* PROBLEM REQUIREMENTS: When you transcribe the listing, keep each line exact and drop the pictures.

* DATA:

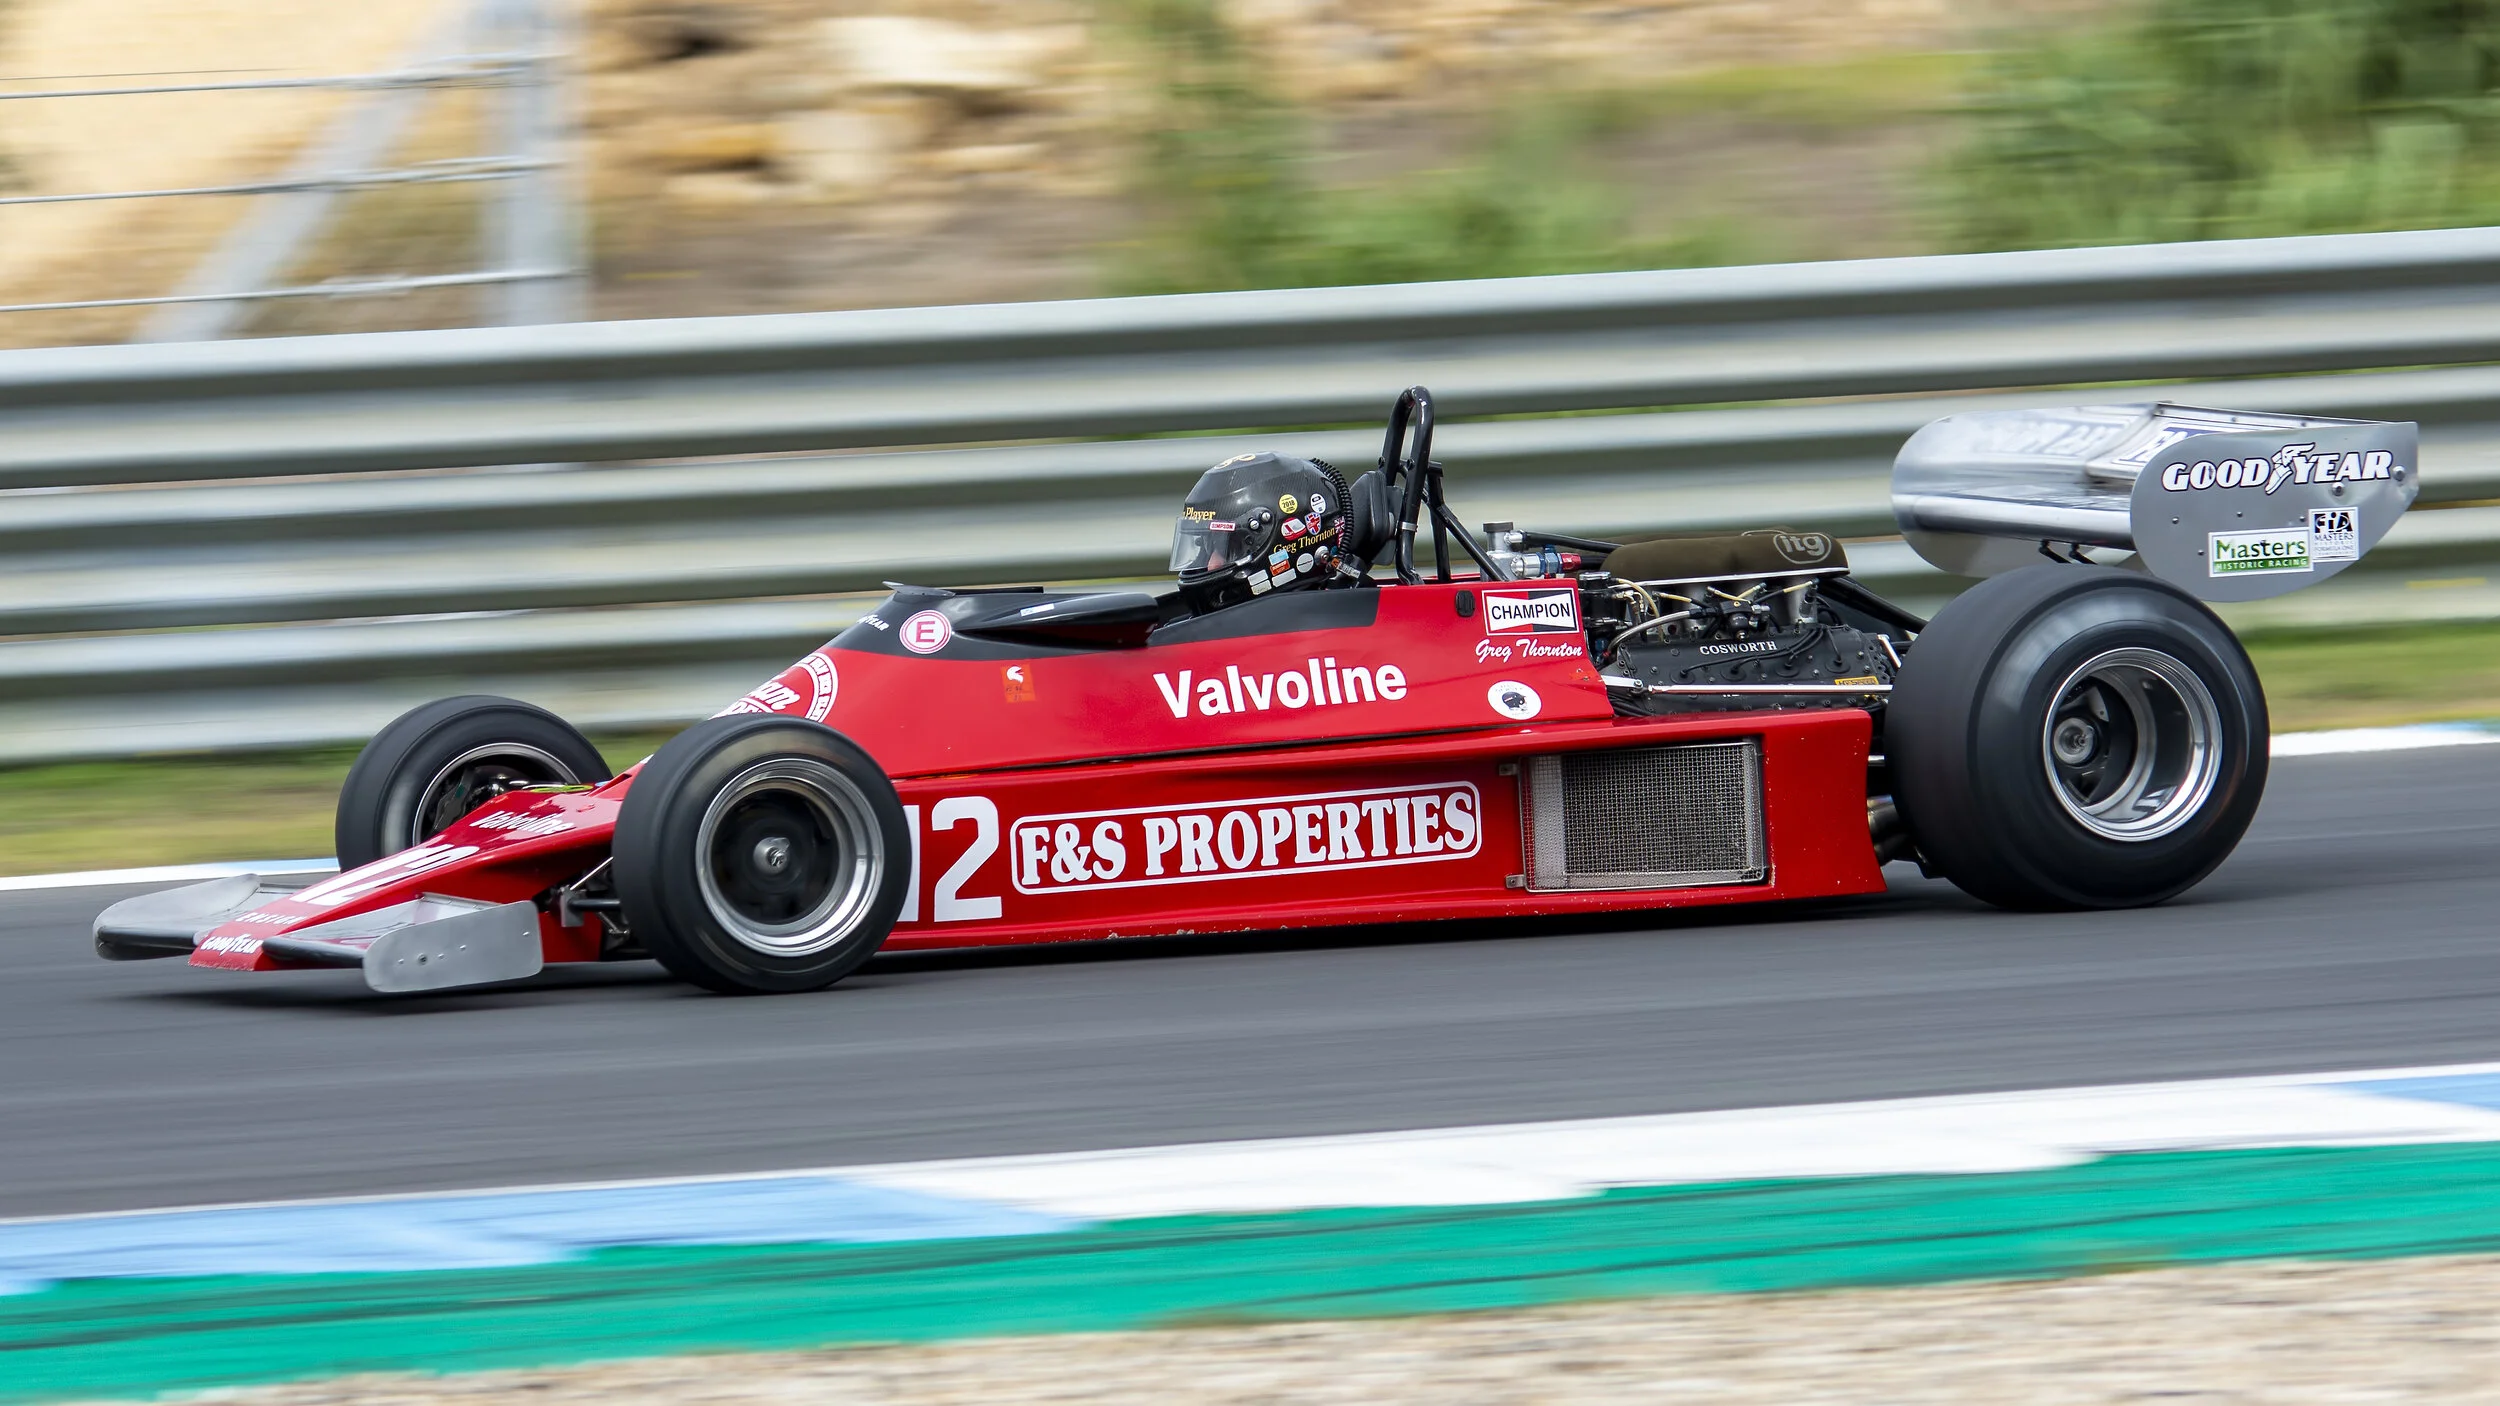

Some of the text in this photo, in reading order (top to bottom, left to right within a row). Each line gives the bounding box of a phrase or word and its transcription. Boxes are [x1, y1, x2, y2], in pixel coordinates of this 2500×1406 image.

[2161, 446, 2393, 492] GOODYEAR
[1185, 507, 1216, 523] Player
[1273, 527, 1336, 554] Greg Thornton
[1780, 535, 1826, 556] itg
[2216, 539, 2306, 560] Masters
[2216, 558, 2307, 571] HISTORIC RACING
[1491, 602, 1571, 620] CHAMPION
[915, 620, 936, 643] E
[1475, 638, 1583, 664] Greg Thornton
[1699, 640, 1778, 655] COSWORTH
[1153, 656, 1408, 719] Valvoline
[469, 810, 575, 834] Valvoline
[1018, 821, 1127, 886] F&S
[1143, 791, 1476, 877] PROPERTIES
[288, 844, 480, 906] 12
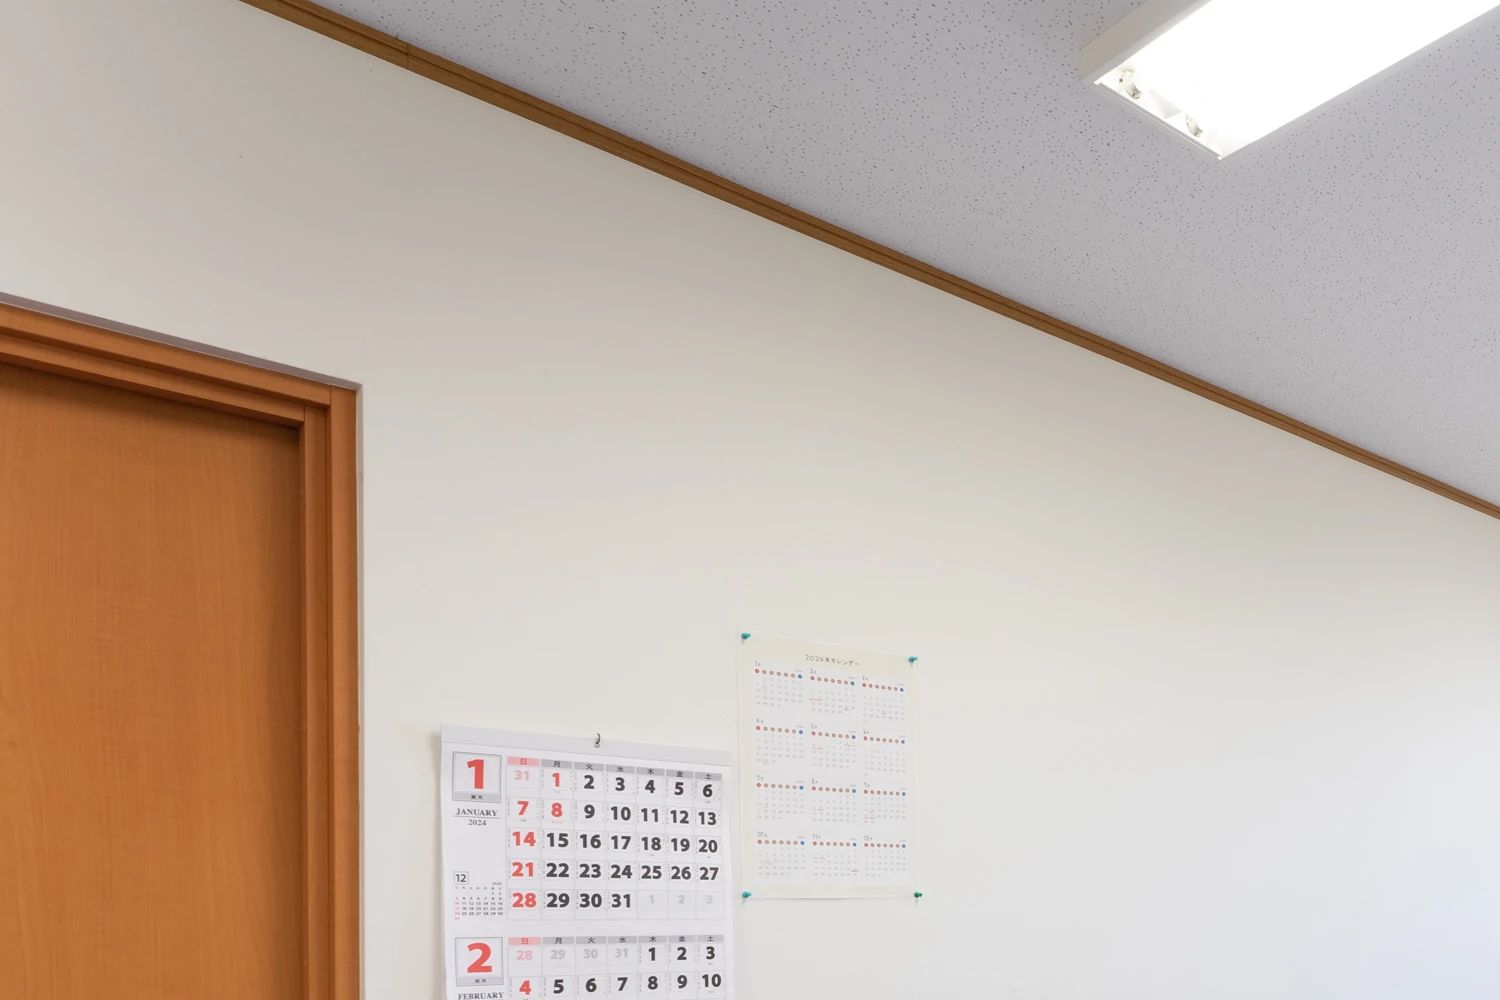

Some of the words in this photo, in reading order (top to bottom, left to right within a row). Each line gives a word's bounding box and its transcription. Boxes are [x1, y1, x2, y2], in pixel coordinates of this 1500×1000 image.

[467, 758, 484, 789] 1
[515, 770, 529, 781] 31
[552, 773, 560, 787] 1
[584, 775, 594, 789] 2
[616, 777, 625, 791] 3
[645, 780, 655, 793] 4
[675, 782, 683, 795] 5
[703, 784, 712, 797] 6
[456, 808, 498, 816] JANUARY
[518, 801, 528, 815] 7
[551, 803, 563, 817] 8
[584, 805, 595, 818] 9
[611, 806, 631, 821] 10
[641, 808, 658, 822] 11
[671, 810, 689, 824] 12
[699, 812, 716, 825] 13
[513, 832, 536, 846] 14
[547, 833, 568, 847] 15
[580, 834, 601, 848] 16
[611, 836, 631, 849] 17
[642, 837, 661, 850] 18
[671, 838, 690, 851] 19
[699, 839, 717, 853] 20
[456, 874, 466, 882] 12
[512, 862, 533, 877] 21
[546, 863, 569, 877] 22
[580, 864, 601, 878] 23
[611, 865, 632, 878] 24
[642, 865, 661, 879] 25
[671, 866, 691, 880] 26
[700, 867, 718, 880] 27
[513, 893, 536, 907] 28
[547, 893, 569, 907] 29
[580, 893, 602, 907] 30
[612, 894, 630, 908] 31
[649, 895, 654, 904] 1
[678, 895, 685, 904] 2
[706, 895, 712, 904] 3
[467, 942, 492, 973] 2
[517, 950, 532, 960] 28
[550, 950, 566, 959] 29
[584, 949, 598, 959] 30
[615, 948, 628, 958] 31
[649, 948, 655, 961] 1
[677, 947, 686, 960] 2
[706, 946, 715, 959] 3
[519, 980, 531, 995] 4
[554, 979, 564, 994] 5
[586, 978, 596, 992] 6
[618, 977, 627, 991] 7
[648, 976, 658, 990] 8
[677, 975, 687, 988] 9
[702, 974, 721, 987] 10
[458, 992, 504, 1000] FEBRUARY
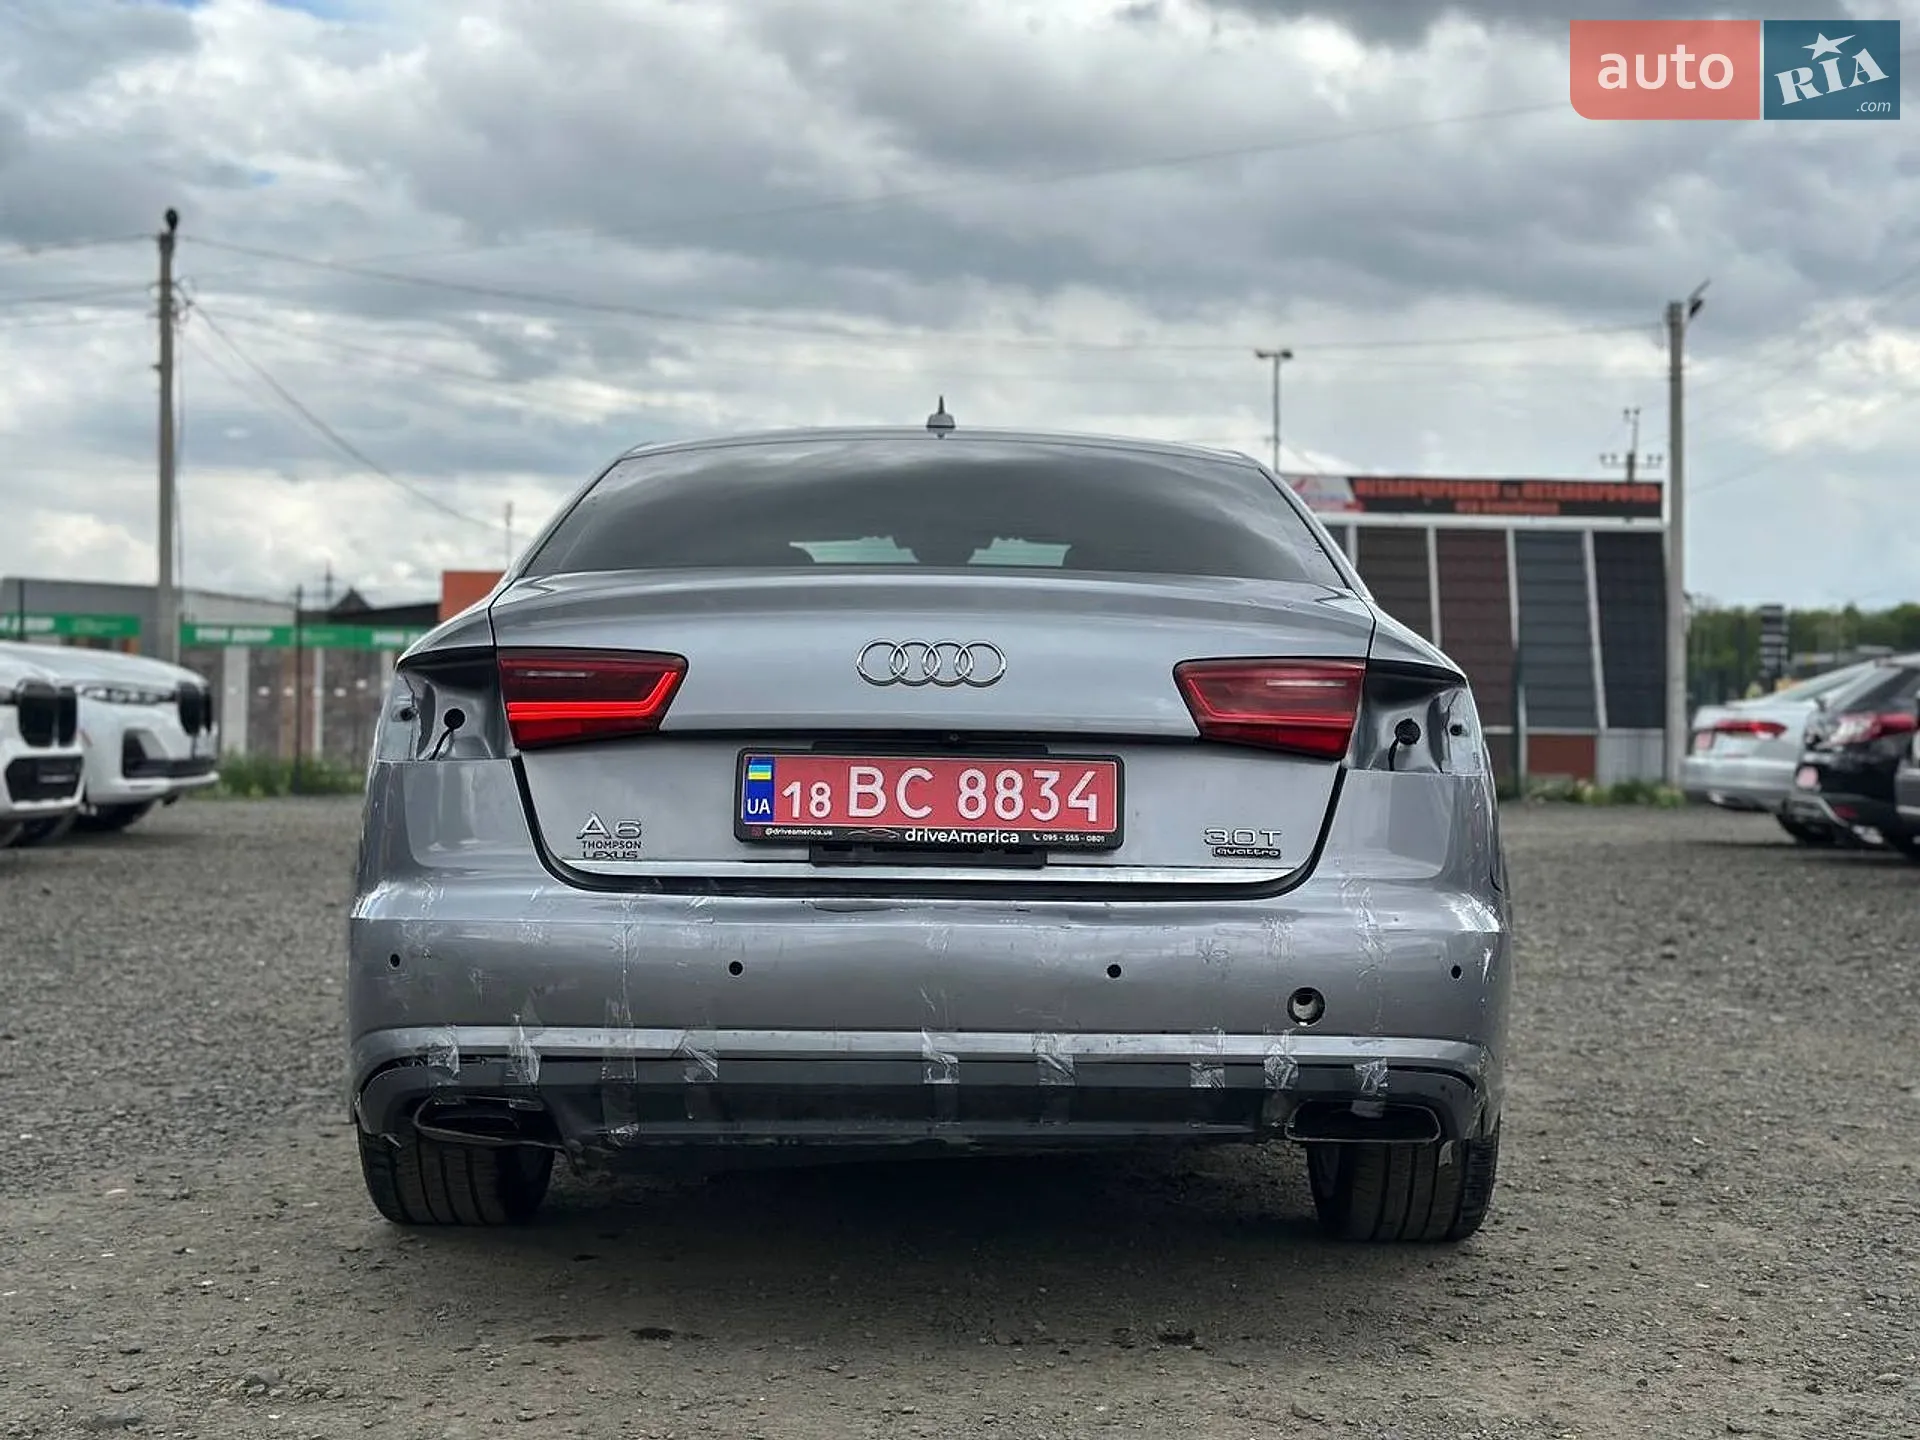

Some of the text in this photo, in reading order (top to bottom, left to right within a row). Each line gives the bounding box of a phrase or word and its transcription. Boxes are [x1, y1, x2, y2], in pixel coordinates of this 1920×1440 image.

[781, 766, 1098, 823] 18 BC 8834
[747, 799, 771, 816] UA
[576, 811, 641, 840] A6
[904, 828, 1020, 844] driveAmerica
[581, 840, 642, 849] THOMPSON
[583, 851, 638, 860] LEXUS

* WRITTEN REPLY:
Some of the text in this photo, in reading order (top to bottom, left to right within a row). Each line gives the bounding box of a phrase or word and its transcription. Boxes are [x1, y1, x2, y2], in pixel coordinates of this 2500×1406 image.

[2161, 446, 2393, 492] GOODYEAR
[1185, 507, 1216, 523] Player
[1273, 527, 1336, 554] Greg Thornton
[1780, 535, 1826, 556] itg
[2216, 539, 2306, 560] Masters
[2216, 558, 2307, 571] HISTORIC RACING
[1491, 602, 1571, 620] CHAMPION
[915, 620, 936, 643] E
[1475, 638, 1583, 664] Greg Thornton
[1699, 640, 1778, 655] COSWORTH
[1153, 656, 1408, 719] Valvoline
[469, 810, 575, 834] Valvoline
[1018, 821, 1127, 886] F&S
[1143, 791, 1476, 877] PROPERTIES
[288, 844, 480, 906] 12

Some of the words in this photo, in reading order (top to bottom, left to right within a row). Each line gives a word's bounding box and its transcription. Boxes are [x1, y1, x2, y2], in pixel coordinates of this 1500×1000 image.

[467, 758, 484, 789] 1
[515, 770, 529, 781] 31
[552, 773, 560, 787] 1
[584, 775, 594, 789] 2
[616, 777, 625, 791] 3
[645, 780, 655, 793] 4
[675, 782, 683, 795] 5
[703, 784, 712, 797] 6
[456, 808, 498, 816] JANUARY
[518, 801, 528, 815] 7
[551, 803, 563, 817] 8
[584, 805, 595, 818] 9
[611, 806, 631, 821] 10
[641, 808, 658, 822] 11
[671, 810, 689, 824] 12
[699, 812, 716, 825] 13
[513, 832, 536, 846] 14
[547, 833, 568, 847] 15
[580, 834, 601, 848] 16
[611, 836, 631, 849] 17
[642, 837, 661, 850] 18
[671, 838, 690, 851] 19
[699, 839, 717, 853] 20
[456, 874, 466, 882] 12
[512, 862, 533, 877] 21
[546, 863, 569, 877] 22
[580, 864, 601, 878] 23
[611, 865, 632, 878] 24
[642, 865, 661, 879] 25
[671, 866, 691, 880] 26
[700, 867, 718, 880] 27
[513, 893, 536, 907] 28
[547, 893, 569, 907] 29
[580, 893, 602, 907] 30
[612, 894, 630, 908] 31
[649, 895, 654, 904] 1
[678, 895, 685, 904] 2
[706, 895, 712, 904] 3
[467, 942, 492, 973] 2
[517, 950, 532, 960] 28
[550, 950, 566, 959] 29
[584, 949, 598, 959] 30
[615, 948, 628, 958] 31
[649, 948, 655, 961] 1
[677, 947, 686, 960] 2
[706, 946, 715, 959] 3
[519, 980, 531, 995] 4
[554, 979, 564, 994] 5
[586, 978, 596, 992] 6
[618, 977, 627, 991] 7
[648, 976, 658, 990] 8
[677, 975, 687, 988] 9
[702, 974, 721, 987] 10
[458, 992, 504, 1000] FEBRUARY

Some of the text in this photo, in reading order (top to bottom, left to right within a row). Each line gives the bounding box of a phrase or word and its transcription. Boxes are [x1, y1, x2, y2], in pixel coordinates of this 1920×1440 image.

[781, 766, 1098, 823] 18 BC 8834
[747, 799, 771, 816] UA
[576, 811, 641, 840] A6
[904, 828, 1020, 844] driveAmerica
[581, 840, 642, 849] THOMPSON
[583, 851, 638, 860] LEXUS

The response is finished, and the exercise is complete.